Long-term outcome after allogeneic hematopoietic cell transplantation for myelofibrosis
Robin, M., de Wreede, L. C., Wolschke, C., Schetelig, J., Eikema, D. J., Van Lint, M. T., Knelange, N. S., Beelen, D., Brecht, A., Niederwieser, D., et al
Haematologica. 2019
Abstract
Allogeneic hematopoietic stem cell transplant remains the only curative treatment for myelofibrosis. Most post-transplantation events occur during the first 2 years and hence we aimed to analyze the outcome of 2-year disease-free survivors. 1055 patients with myelofibrosis transplanted between 1995 and 2014 and registered in the registry of the European Society for Blood and Marrow Transplantation were included. Survival was compared to the matched general population to determine excess mortality and the risk factors that are associated. In the 2-year survivors, Disease-free survival was 64% (60-68%) and Overall Survival was 74% (71-78%) at 10 years, better in younger individuals and in women. Excess mortality was 14% (8-21%) in patients < 45 years and 33% (13-53%) in patients ≥ 65 years. The main cause of death was relapse of the primary disease. Graft versus Host Disease before 2 years decreased the risk of relapse.
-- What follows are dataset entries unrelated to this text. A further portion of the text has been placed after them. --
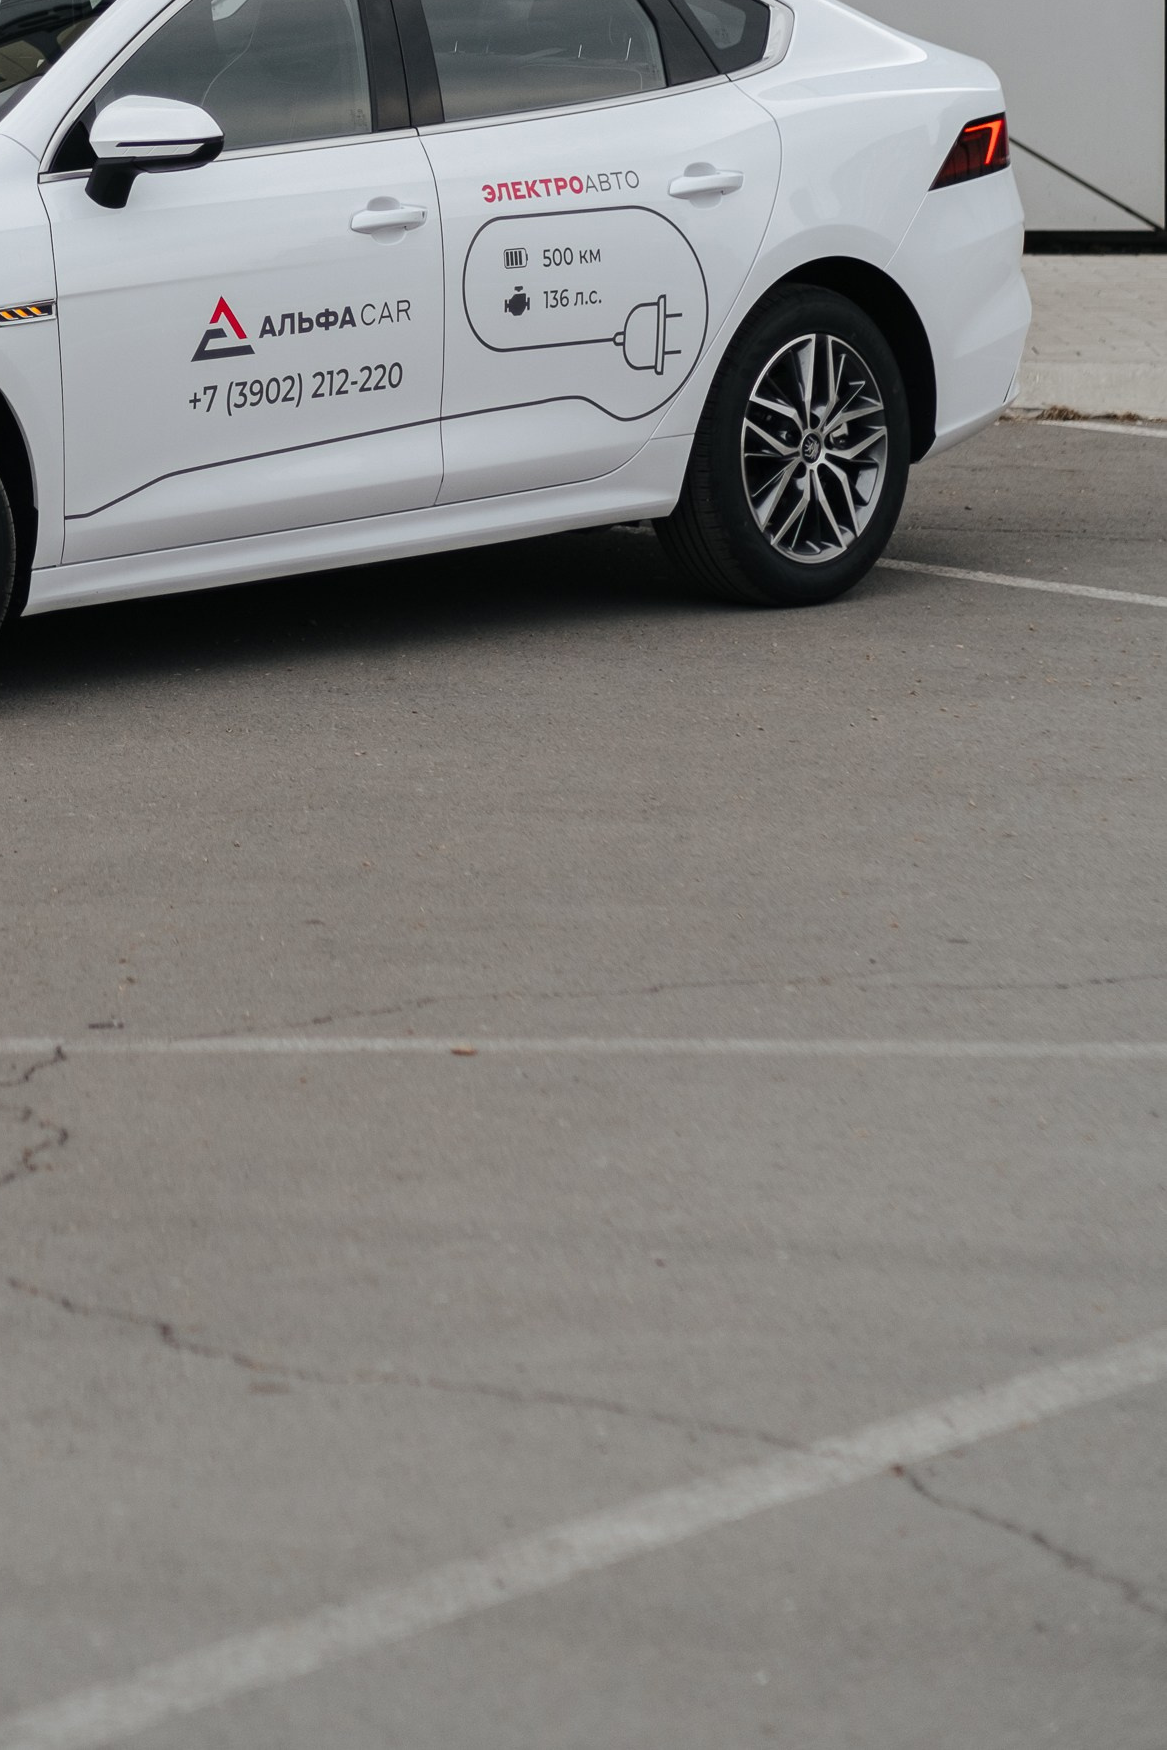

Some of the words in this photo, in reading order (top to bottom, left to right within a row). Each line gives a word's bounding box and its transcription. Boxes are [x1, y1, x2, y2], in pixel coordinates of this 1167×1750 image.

[482, 170, 640, 203] ЭЛЕКТРОАВТО
[542, 247, 574, 267] 500
[543, 288, 570, 309] 136
[188, 385, 218, 413] +7
[226, 372, 303, 417] (3902)
[311, 361, 404, 399] 212-220
Multivariable analysis of excess mortality showed that age, male sex recipient, secondary myelofibrosis and no GVHD prior to the 2-year landmark increased the risk of excess mortality. This is the largest study to date analyzing long-term outcome in patients with myelofibrosis undergoing transplant. Overall it shows a good survival in patients alive and in remission at 2-years but the occurrence of late complications, including late relapses, infectious complications and secondary malignancies highlights the importance of screening and monitoring of long-term survivors.